Bug 167186
Summary: | ext2 and ext3 file systems are extremely slow when deleting large files on a busy file system | ||
---|---|---|---|
Product: | Red Hat Enterprise Linux 3 | Reporter: | Jos VanWezel <jvw> |
Component: | kernel | Assignee: | Stephen Tweedie <sct> |
Status: | CLOSED DEFERRED | QA Contact: | Brian Brock <bbrock> |
Severity: | medium | Docs Contact: | |
Priority: | medium | ||
Version: | 3.0 | CC: | petrides |
Target Milestone: | --- | Keywords: | FutureFeature |
Target Release: | --- | ||
Hardware: | i386 | ||
OS: | Linux | ||
Whiteboard: | |||
Fixed In Version: | Doc Type: | Enhancement | |
Doc Text: | Story Points: | --- | |
Clone Of: | Environment: | ||
Last Closed: | 2005-09-05 16:19:44 UTC | Type: | --- |
Regression: | --- | Mount Type: | --- |
Documentation: | --- | CRM: | |
Verified Versions: | Category: | --- | |
oVirt Team: | --- | RHEL 7.3 requirements from Atomic Host: | |
Cloudforms Team: | --- | Target Upstream Version: | |
Embargoed: |
Description
Jos VanWezel
2005-08-31 13:28:32 UTC
Deleting large files requires ext2/3 to walk a fairly large amount of scattered metadata. The indirect blocks needed to map files to disk blocks are not laid out sequentially, so delete requires all of these to be read in randomly. And each such block only gets read once the previous one has been processed. It's a set of synchronous read operations.

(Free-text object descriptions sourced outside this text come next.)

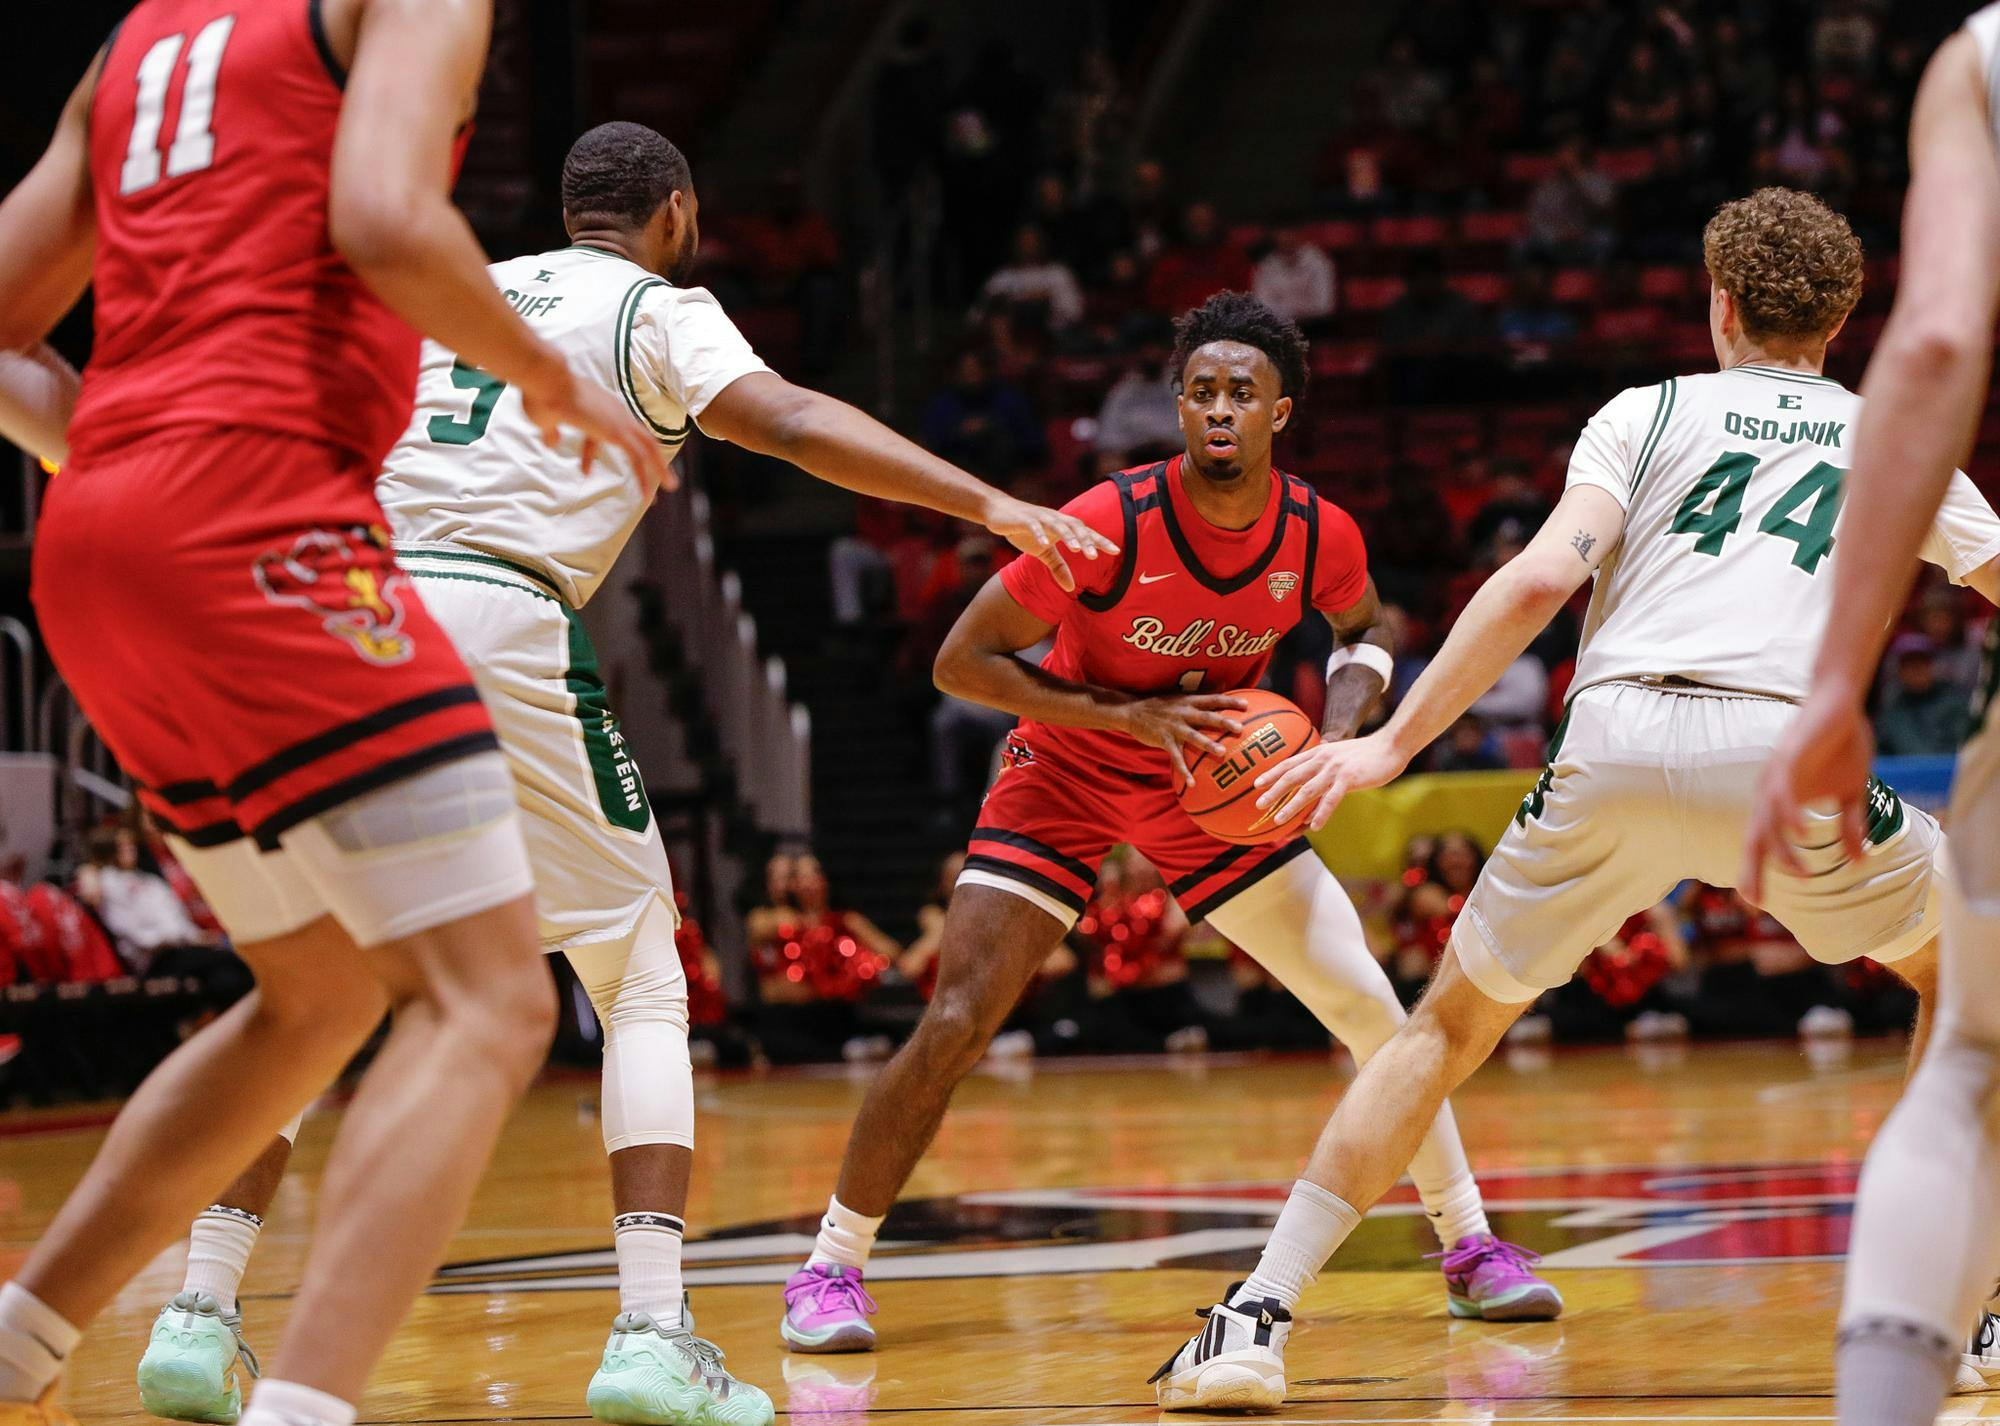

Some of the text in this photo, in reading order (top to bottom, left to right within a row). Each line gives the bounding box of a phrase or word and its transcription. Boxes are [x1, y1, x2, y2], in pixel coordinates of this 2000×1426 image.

[118, 13, 236, 197] 11
[1776, 394, 1803, 410] E
[1724, 411, 1847, 448] OSOJNIK
[1663, 450, 1850, 577] 44
[1122, 615, 1217, 658] Ball
[1210, 727, 1287, 791] ELITE
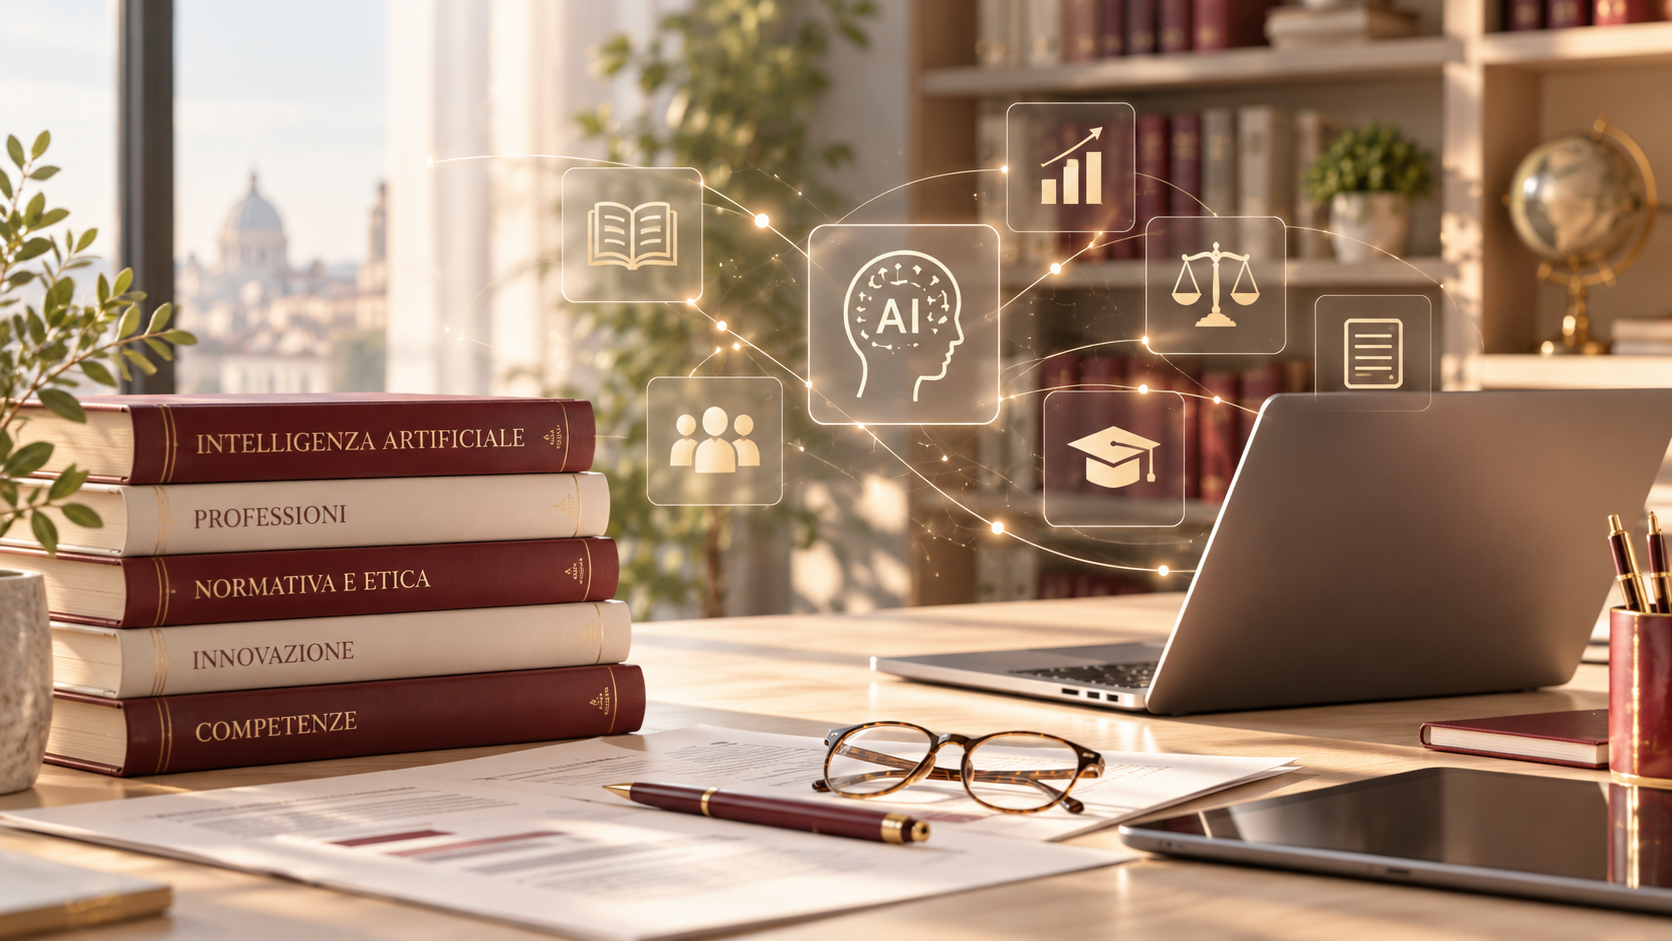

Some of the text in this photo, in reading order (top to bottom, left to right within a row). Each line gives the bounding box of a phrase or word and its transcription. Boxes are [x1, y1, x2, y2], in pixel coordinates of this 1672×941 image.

[196, 431, 377, 455] INTELLIGENZA
[382, 427, 526, 450] ARTIFICIALE
[194, 504, 347, 530] PROFESSIONI
[194, 568, 432, 600] NORMATIVA E ETICA
[193, 640, 355, 670] INNOVAZIONE
[195, 710, 358, 743] COMPETENZE

Each read only gets queued once the previous one has been processed; on a very busy disk, each read has to compete for the disk's attention separately, so the time taken builds up rapidly. Because this is metadata read IO that's taking the time, ext2 is affected just as much; the journal in ext3 only has an impact on write performance, it doesn't come into the picture for reads at all. There are several possible ways to improve the situation. In RHEL-4, two new disk IO schedulers (the CFQ "completely fair queuing" scheduler --- the new default --- and especially the "anticipatory" scheduler, optimised for interactive performance) will both improve this by allowing a task to submit multiple reads without being preempted too much. There are prototype patches to let ext3 maintain its disk mapping information more compactly via "extent maps", which would greatly reduce the amount of metadata to be read to complete a delete (this is what XFS already does.) And we might asynchronously read-ahead some of the metadata in question. However, all of these changes are far too invasive to consider for an established, stable release like RHEL-3. The scheduler improvements in RHEL-4 are likely to help a lot; other than that, it will be up to future enhancements (extents in particular) to really address this particular performance property of ext3. |